TL;DR : message(s) et limites de l’œuvre, marre des dystopies, les écolos et la classe sociale, le prompt art c’est pas de l’art, mixer l’infosec et l’écriture c’est cool.

Image de couverture des évaporés. Le titre, "Les évaporés", est écrit en blanc sur fond vert d'eau. La police utilisée est ronde dans le but de donner une impression d'écriture manuelle, et est entourée d'un halo qui lui donne un effet brillant.
👁️ Découvrir l’œuvre

Les évaporés est une œuvre interactive qui emprunte aux codes des ARG (Alternate Reality Games) mais aussi à ceux des CTF* (Capture The Flag), avec la volonté d’être accessible à un public non-initié.
L’histoire est délivrée par le biais d’un jeu de piste en ligne. Les joueurs-lecteurs découvrent l’intrigue petit à petit en explorant divers réseaux sociaux.

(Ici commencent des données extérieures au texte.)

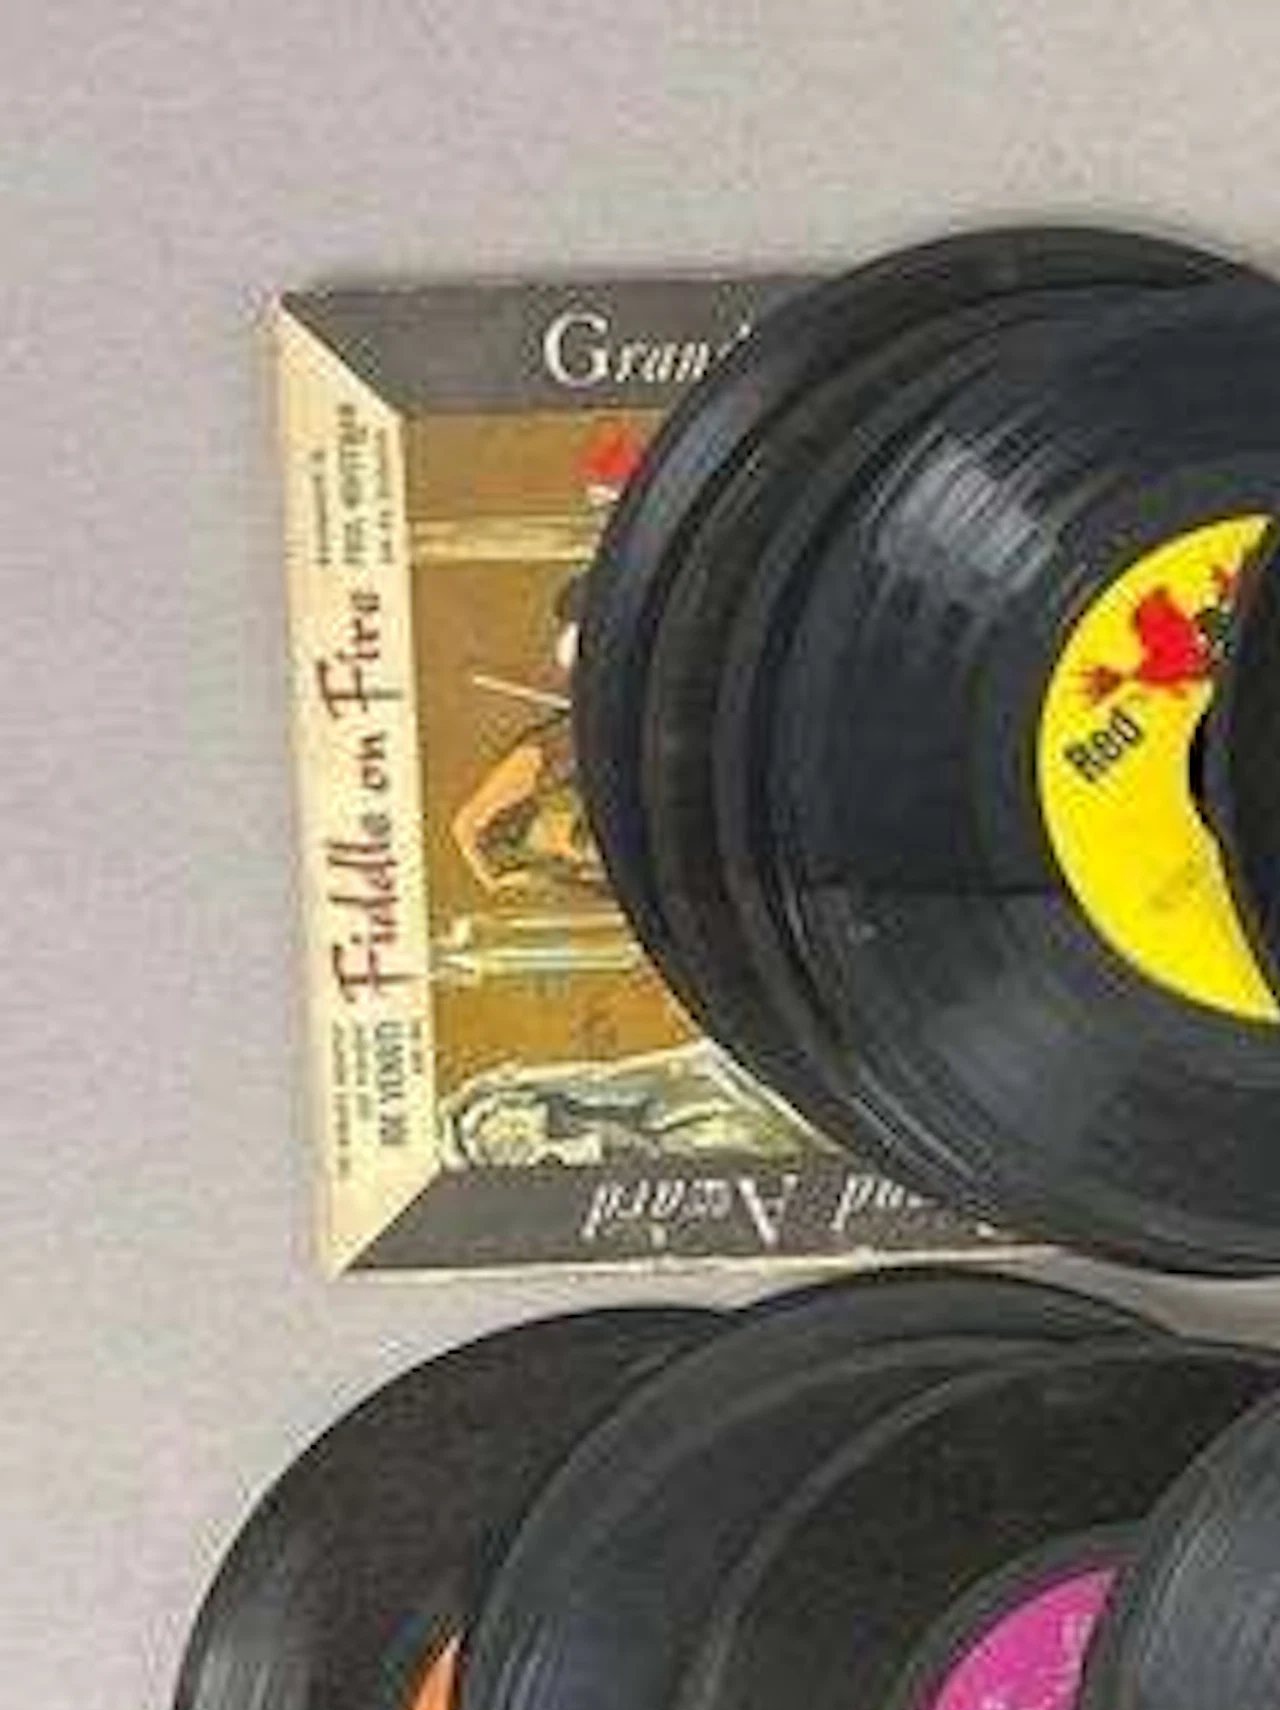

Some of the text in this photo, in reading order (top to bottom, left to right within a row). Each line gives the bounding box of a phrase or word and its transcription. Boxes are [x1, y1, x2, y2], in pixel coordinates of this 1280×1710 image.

[317, 590, 418, 1003] Fiddle on Fire
[578, 1173, 801, 1246] Award
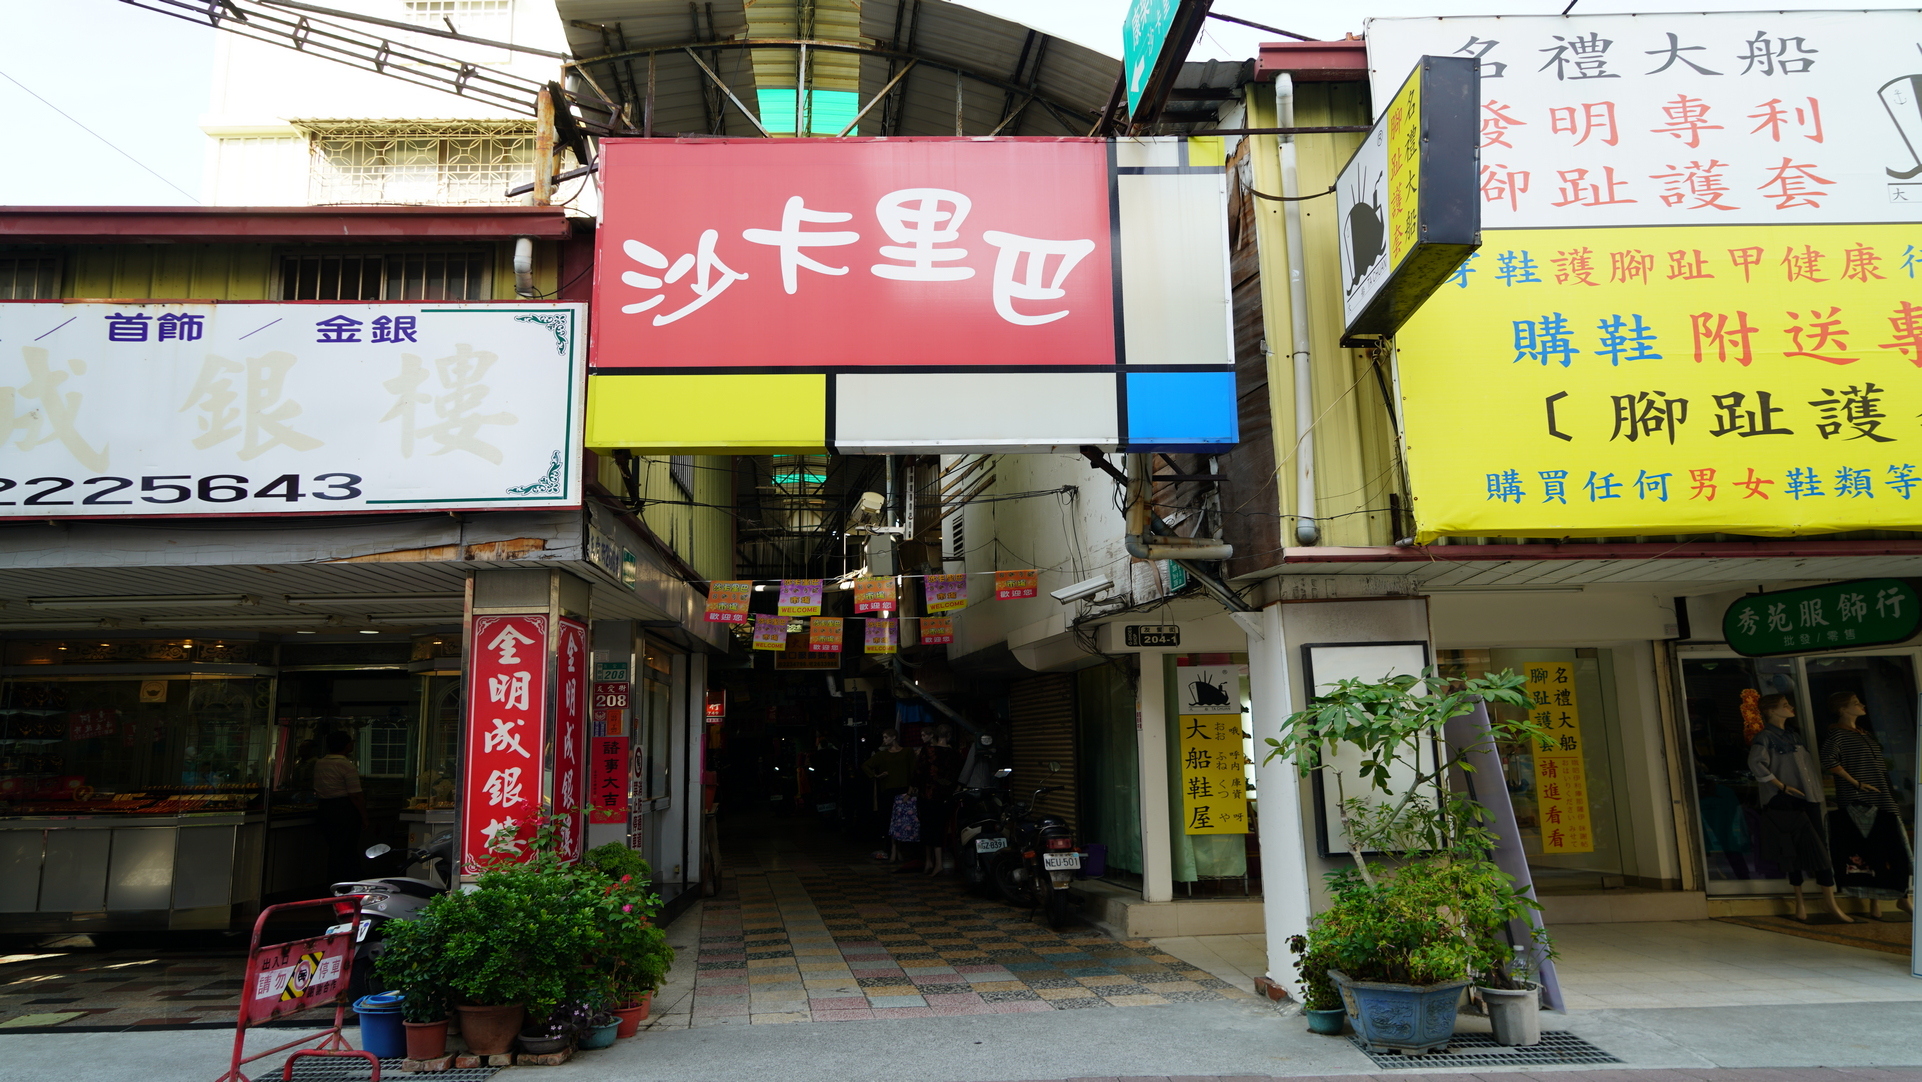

Page d'accueil du CTF les évaporés
Version CTFd des évaporés accessible à evapores.fr

*Les CTF sont des compétitions en sécurité informatique composée la plupart du temps de challenges à résoudre en trouvant un « flag » (celui-ci peut, par exemple, être une suite de caractères cachée dans un fichier). Ces événements sont éphémères, traditionnellement gratuits, et à visée à la fois ludique et pédagogique. Ils permettent de se creuser la tête et d’apprendre de nouvelles compétences en cybersécurité. Les évaporés fait découvrir par la gamification des techniques basiques utilisées en investigation en sources ouvertes sur internet. Toutefois, son but est d’être avant tout un récit et non une compétition technique.

Pourquoi avoir participé au concours de la nouvelle plurilingue de l’Inalco ?

Tout d’abord parce qu’il s’agit d’un des rares évènements mettant en avant la littérature numérique. C’est un format propice à la mise en valeur du plurilinguisme par les effets visuels qu’il rend possibles (exemples : traduction par survol de la souris, remplacement d’un texte par un autre au bout d’un temps limité, etc.).

Ensuite, parce que le thème est un sujet important et qu’une idée de scénario a germé (hehe) assez vite en lisant l’appel à textes.

Le(s) message(s) de l’œuvre

Le concours imposait de traiter le thème de l’écologie.

L’envie qui s’est immédiatement imposée était celle de parler de classe sociale, sujet trop souvent absent des discours écolos, et par extension, d’être une minorité au sein de ces mouvements.
Je repense à toutes ces personnes qui m’ont pris la tête pour avoir confondu les poubelles de tri alors qu’elles partaient en vacances en avion chaque année, ce qui n’est pas mon cas. Environ 30% des français n’ont pas pris l’avion dans leur vie. Ou encore, de ne pas vouloir comprendre, quand on est parisien et que le métro suffit à ne pas polluer davantage, que tout le monde ne peut pas faire tous ses trajets (travail, courses, etc) en vélo.
En bref, ne pas vouloir comprendre la réalité des autres, se venter d’être écolo, non pas par réel souci pour la cause, mais pour avoir l’air d’une « bonne personne ». Attention : ce n’est pas le cas de toutes les personnes se disant écolos.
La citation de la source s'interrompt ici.